Echilo Integro troppo, e cittadino, egli era;
questo è il delitto suo. — Ma tu, pensasti,
che alla patria non spenta ancor rimane
Timoleon? ch’Echilo resta?... Ahi folle!...
Deh! dove corri? Io giá t’amava; e quanto,
il sai: dritt’uomo io son; te tal credea:
e il fosti, sí, meco da prima; amico
mi avesti, e t’ebbi... Astretti or sol di sangue
restiam; deh tu, non sciorre anco tal nodo!

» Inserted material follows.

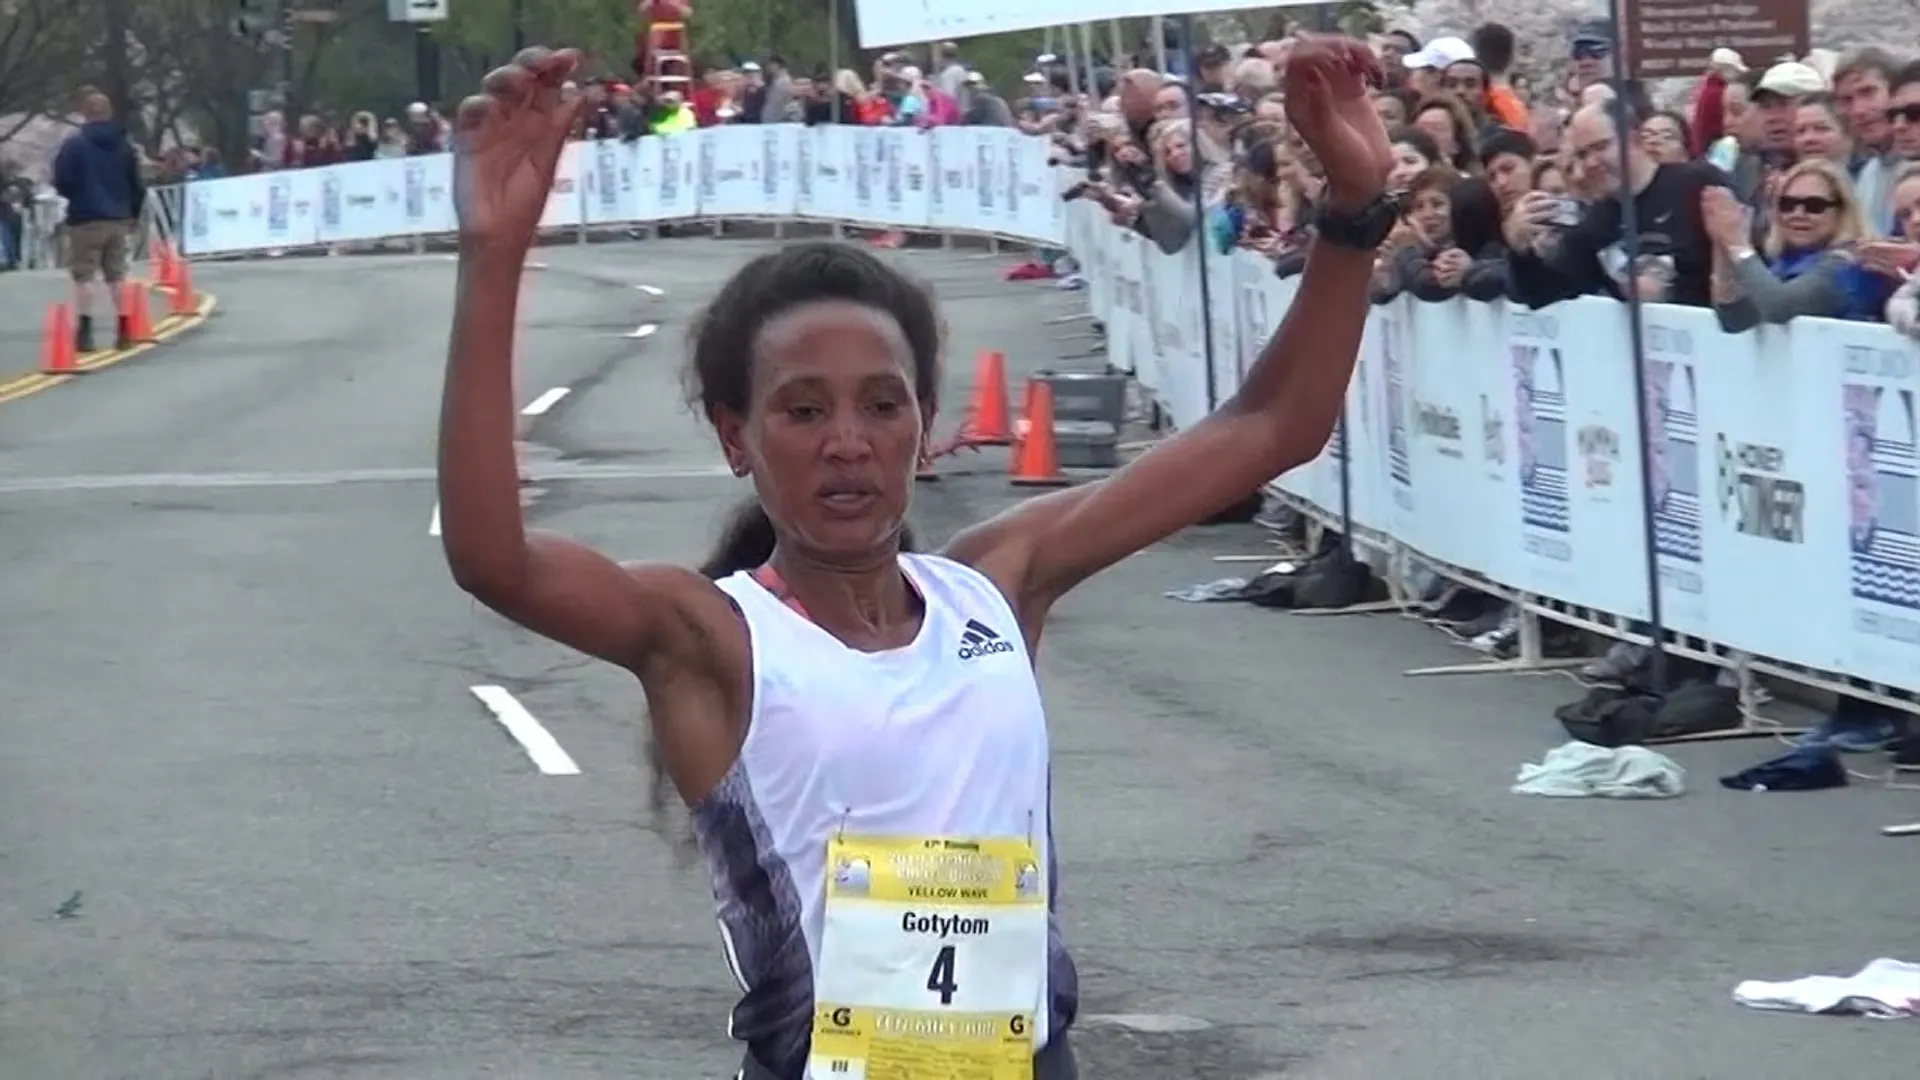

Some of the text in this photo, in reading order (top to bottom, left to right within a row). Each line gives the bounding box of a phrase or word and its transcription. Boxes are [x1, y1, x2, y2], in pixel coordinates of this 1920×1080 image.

Uom, che altamente si professa e giura
aspro nemico di virtú mentita,
mirami ben, son io.
Timof.   Di voi men lieve,
non cangio in odio l’amor mio sí tosto.
Giá v’ebbi, ed hovvi, oltre ogni cosa, cari:
e a racquistare a me il fratel, l’amico,
ogni mezzo terrò. Me non offende
il tuo schietto parlar: ma ancor pur spero
riguadagnarti, or ch’è l’ostacol tolto.
Quanto a te, madre, appien giá t’ho convinta,
che nuovo fren vuolsi a Corinto imporre.
Ch’io non v’abbia a placare a un tempo tutti?...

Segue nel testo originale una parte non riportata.